■ **Activity**: Your task is to repeat the entries exactly. Leave the pictures out.

■ **Available data**:
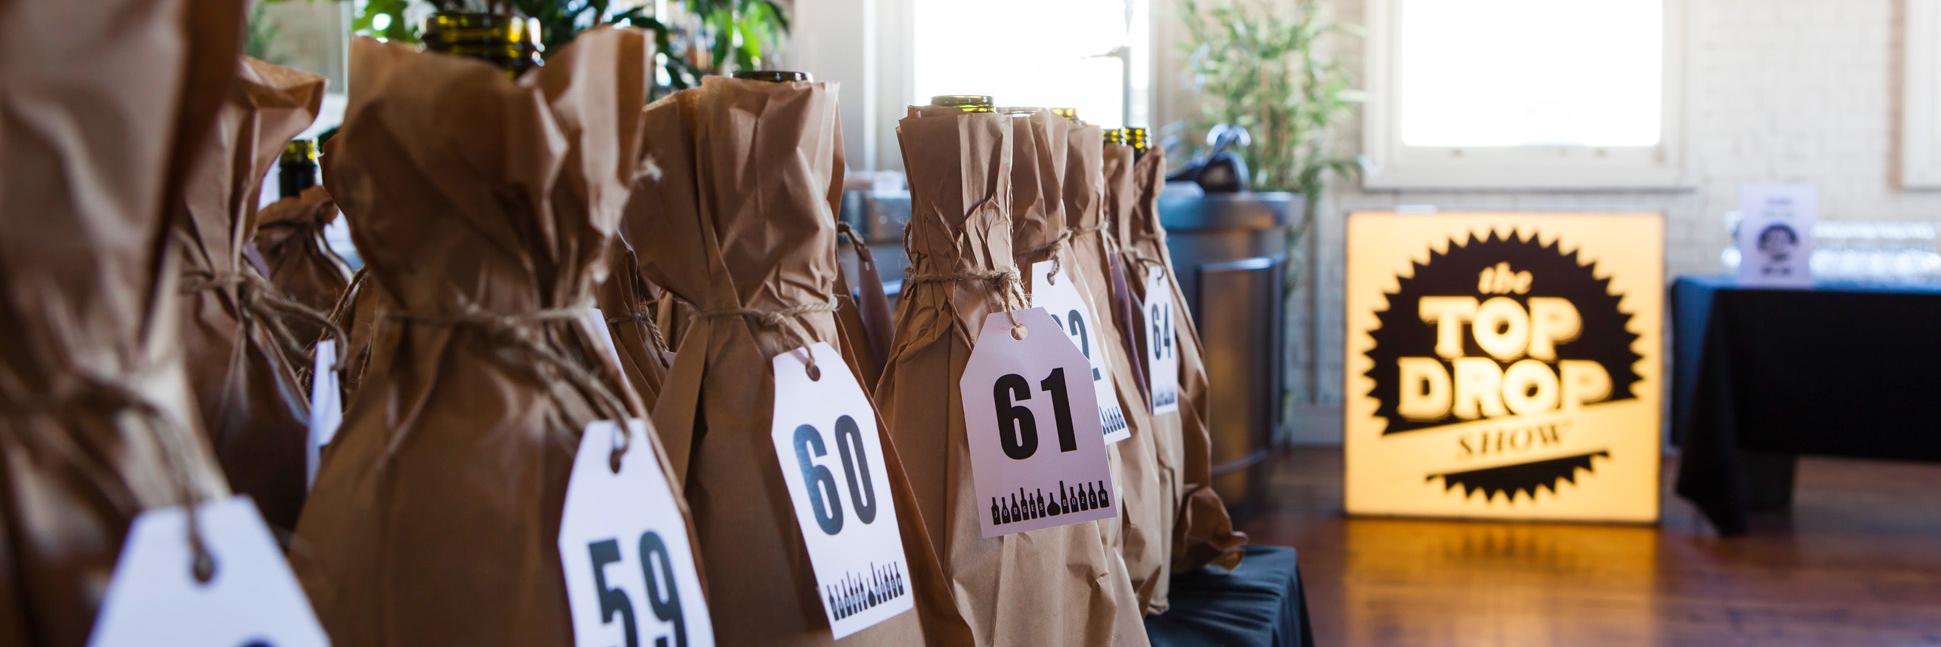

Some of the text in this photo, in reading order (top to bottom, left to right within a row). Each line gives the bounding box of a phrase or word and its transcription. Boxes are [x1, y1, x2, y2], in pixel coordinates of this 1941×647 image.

[1478, 262, 1533, 294] the
[1152, 303, 1171, 361] 64
[1418, 296, 1583, 362] TOP
[993, 367, 1077, 460] 61
[1396, 356, 1614, 420] DROP
[1457, 421, 1570, 457] SHOW
[793, 414, 877, 535] 60
[587, 530, 688, 647] 59
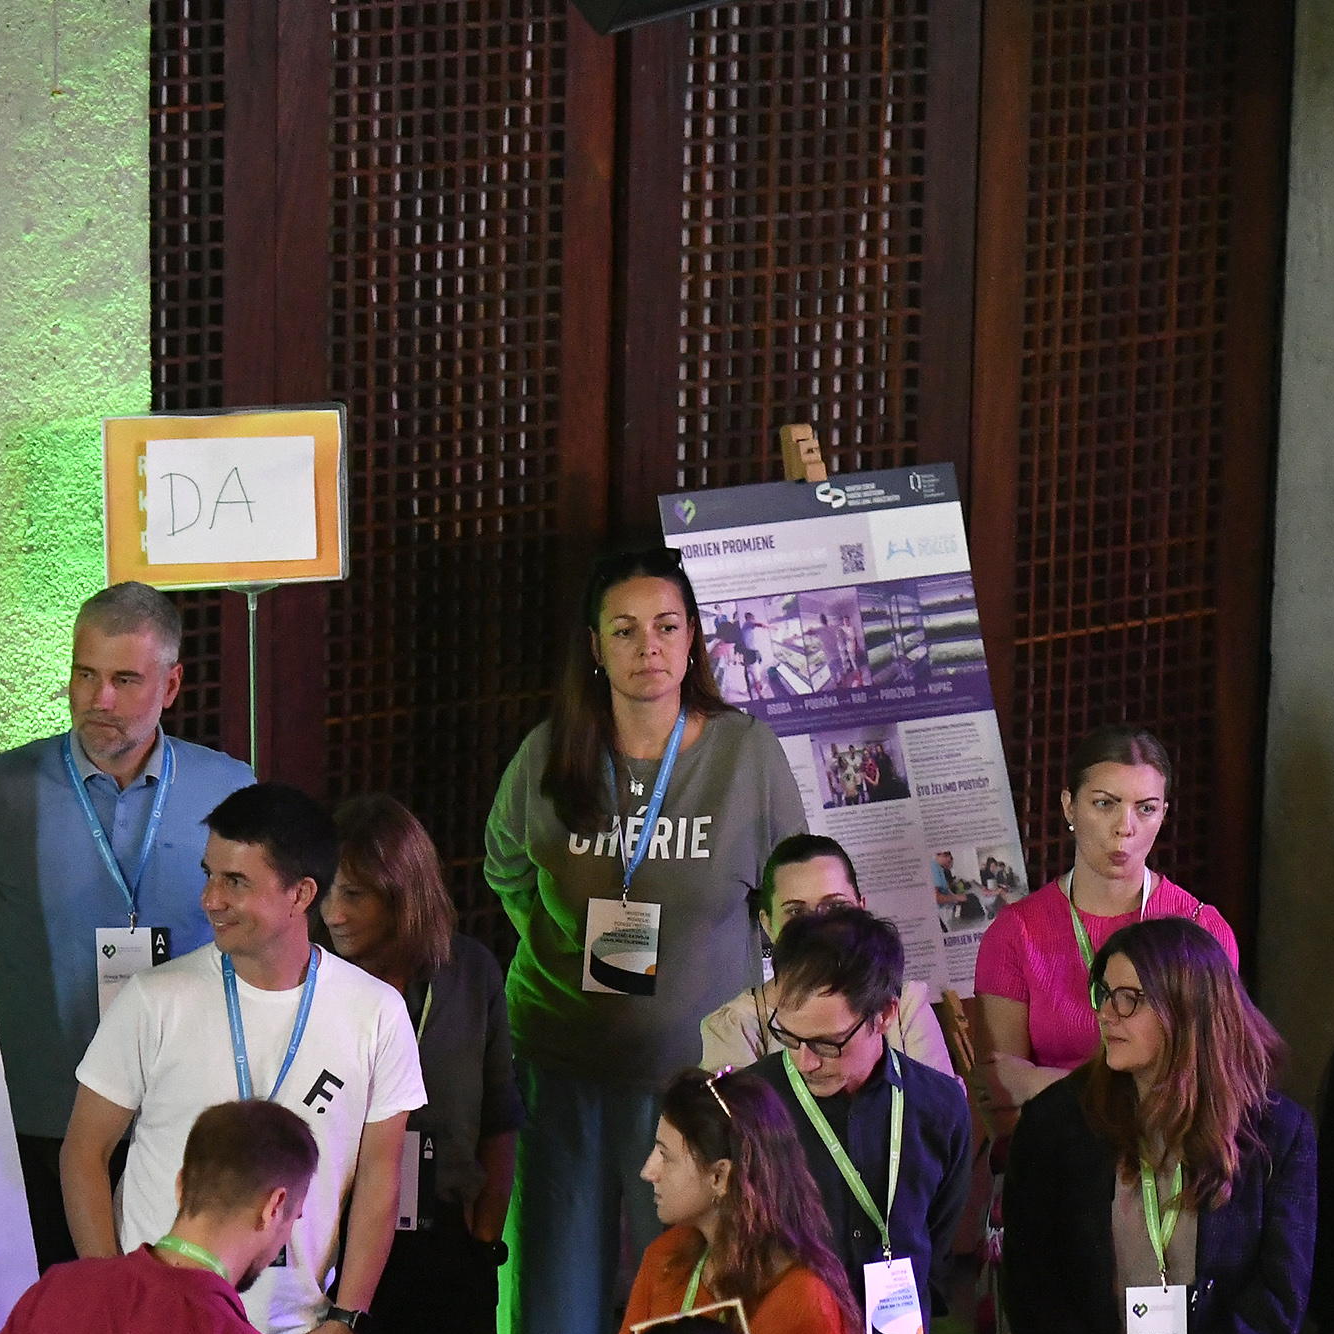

■ **Response area**:
Some of the text in this photo, in reading order (top to bottom, left to right within a row). Each line gives the bounding box of a phrase or word and its transcription. Boxes are [x1, y1, x2, y2], in pixel coordinates of this 1941×647 image.

[1478, 262, 1533, 294] the
[1152, 303, 1171, 361] 64
[1418, 296, 1583, 362] TOP
[993, 367, 1077, 460] 61
[1396, 356, 1614, 420] DROP
[1457, 421, 1570, 457] SHOW
[793, 414, 877, 535] 60
[587, 530, 688, 647] 59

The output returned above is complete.